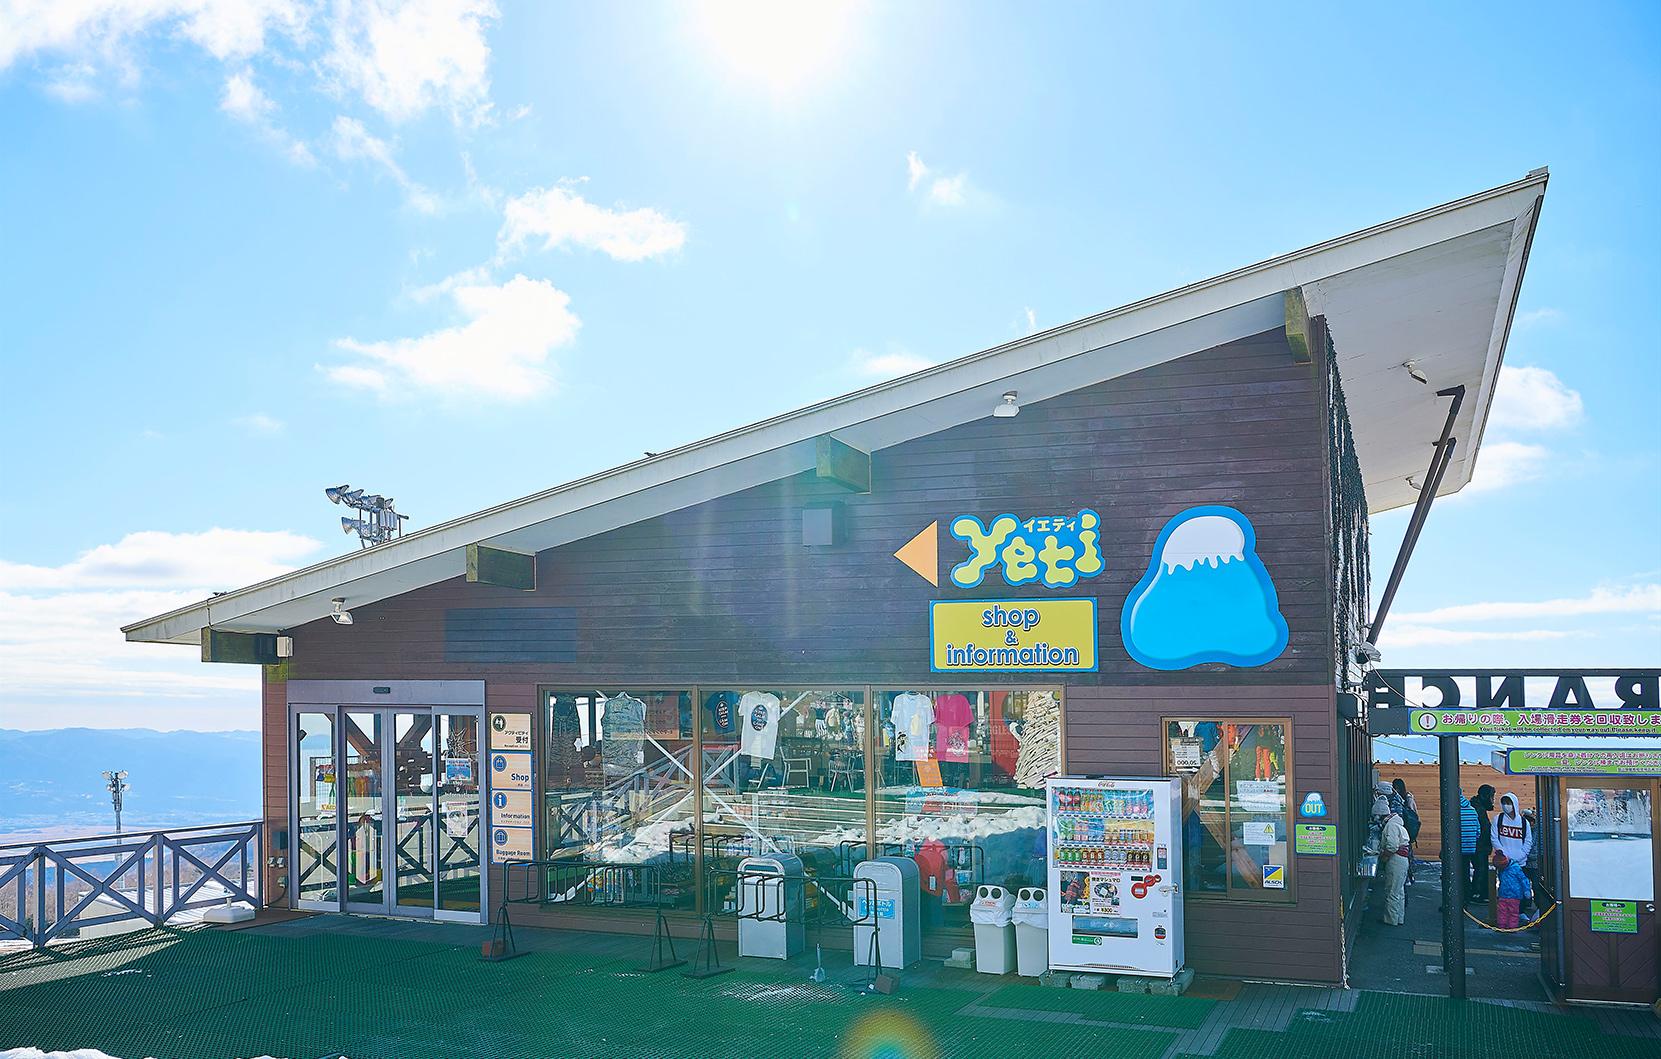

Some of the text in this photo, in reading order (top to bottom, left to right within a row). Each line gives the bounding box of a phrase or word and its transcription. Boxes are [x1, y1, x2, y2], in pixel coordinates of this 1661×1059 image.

[1023, 518, 1076, 533] イエティ
[981, 604, 1040, 631] shop
[1005, 629, 1018, 645] &
[946, 642, 1079, 666] information
[516, 736, 529, 744] 受付
[511, 773, 530, 782] Shop
[1305, 803, 1323, 814] OUT
[496, 849, 516, 857] Baggage
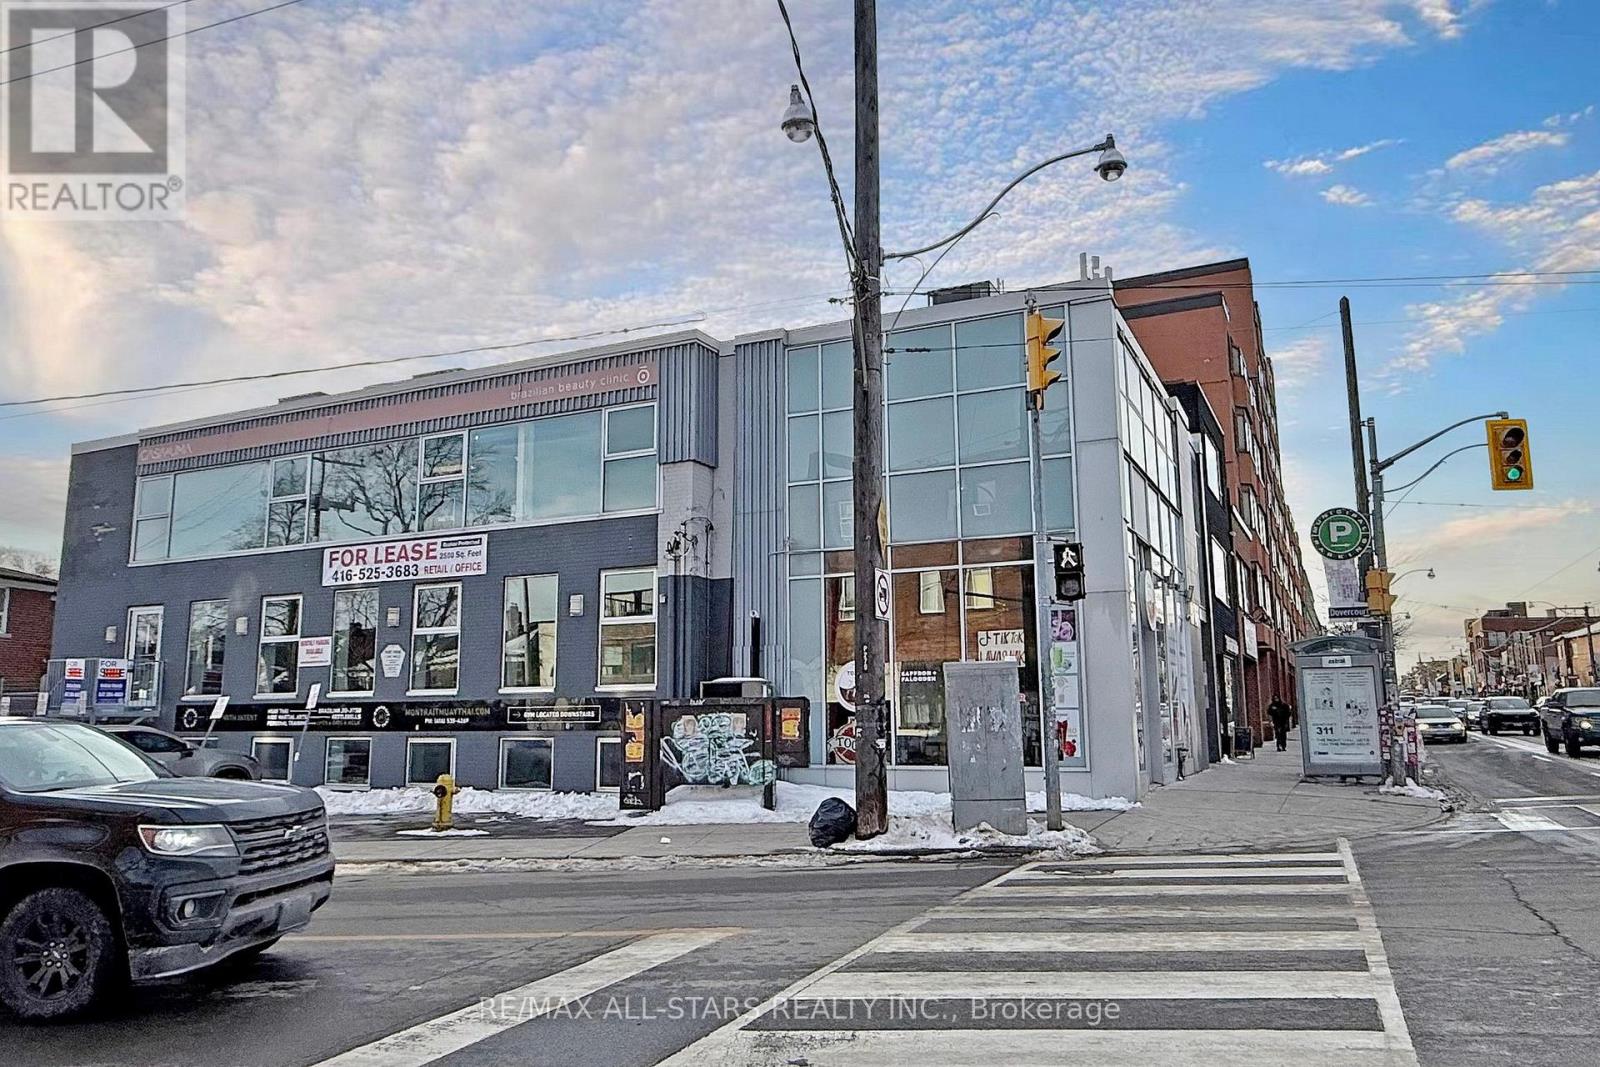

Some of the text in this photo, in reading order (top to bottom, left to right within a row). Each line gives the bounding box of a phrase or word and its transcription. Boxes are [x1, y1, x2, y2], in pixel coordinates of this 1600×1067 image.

[511, 374, 629, 401] brazilian beauty clinic
[1329, 521, 1353, 543] P
[328, 541, 438, 568] FOR LEASE
[331, 563, 420, 582] 416-525-3683
[424, 564, 448, 575] RETAIL
[455, 561, 482, 573] OFFICE
[101, 660, 117, 668] FOR
[1316, 726, 1335, 735] 311
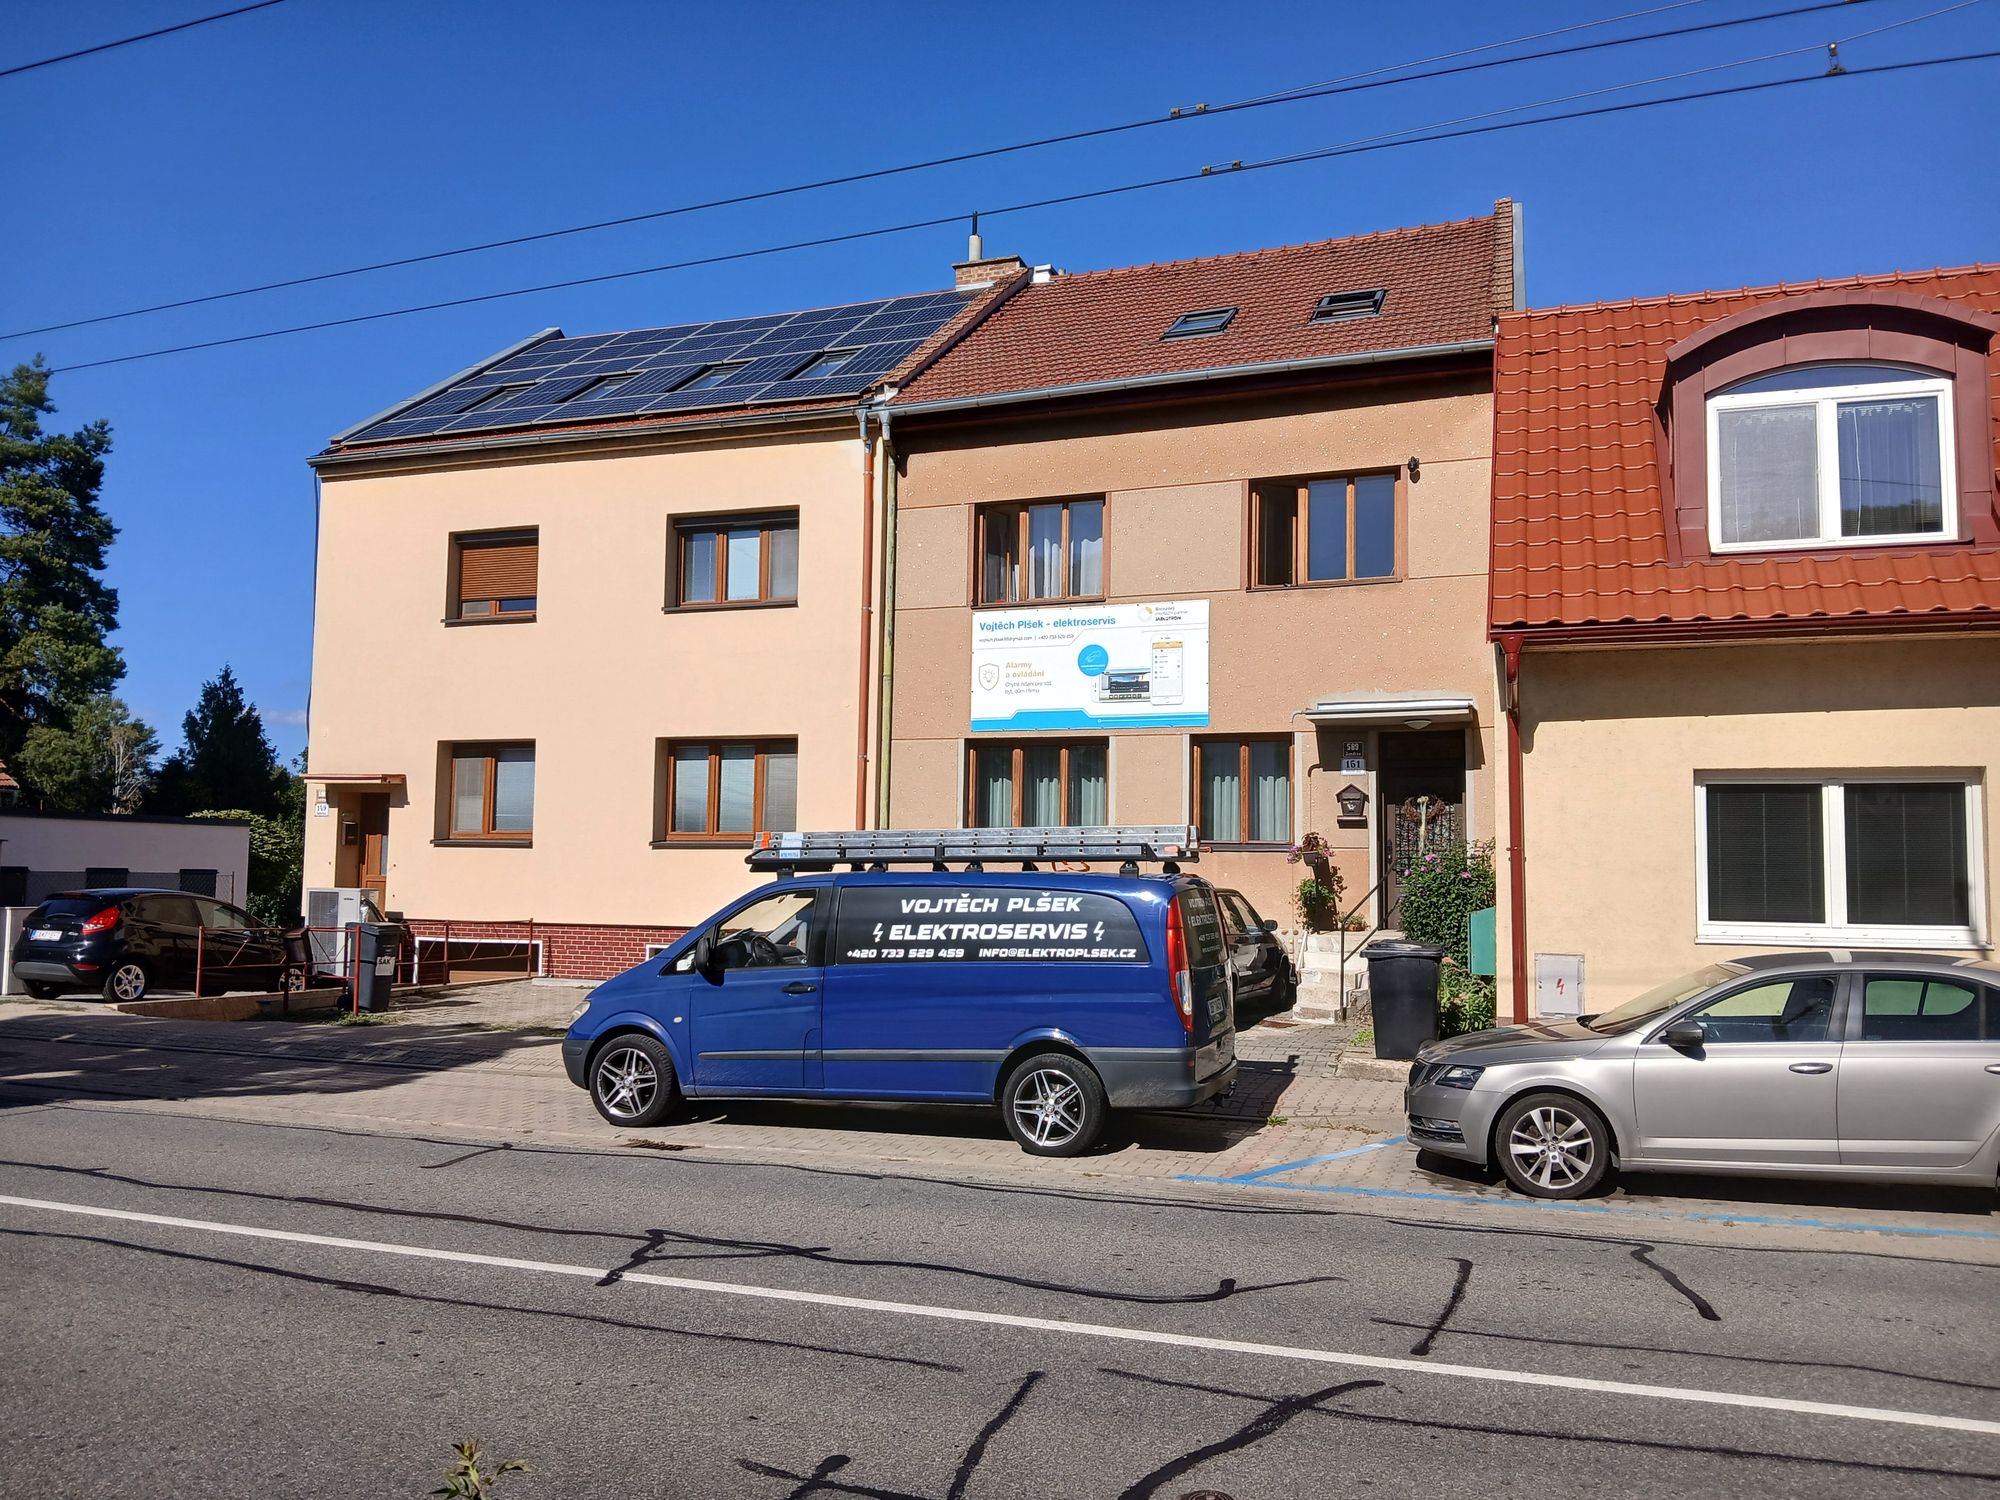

- TASK DIRECTIONS: Repeat all the records exactly, images excluded.

- RESULT:
Some of the text in this photo, in reading order (top to bottom, left to right within a row). Each line gives the bounding box of a phrase or word and its transcription. Boxes are [x1, y1, x2, y2], in pixel coordinates of this 1661×1059 image.

[1023, 518, 1076, 533] イエティ
[981, 604, 1040, 631] shop
[1005, 629, 1018, 645] &
[946, 642, 1079, 666] information
[516, 736, 529, 744] 受付
[511, 773, 530, 782] Shop
[1305, 803, 1323, 814] OUT
[496, 849, 516, 857] Baggage

Some of the text in this photo, in reading order (top to bottom, left to right within a row). Each line gives the bounding box of a phrase or word and its transcription. Boxes are [x1, y1, x2, y2], in pixel coordinates of this 1600×1067 image.

[511, 374, 629, 401] brazilian beauty clinic
[1329, 521, 1353, 543] P
[328, 541, 438, 568] FOR LEASE
[331, 563, 420, 582] 416-525-3683
[424, 564, 448, 575] RETAIL
[455, 561, 482, 573] OFFICE
[101, 660, 117, 668] FOR
[1316, 726, 1335, 735] 311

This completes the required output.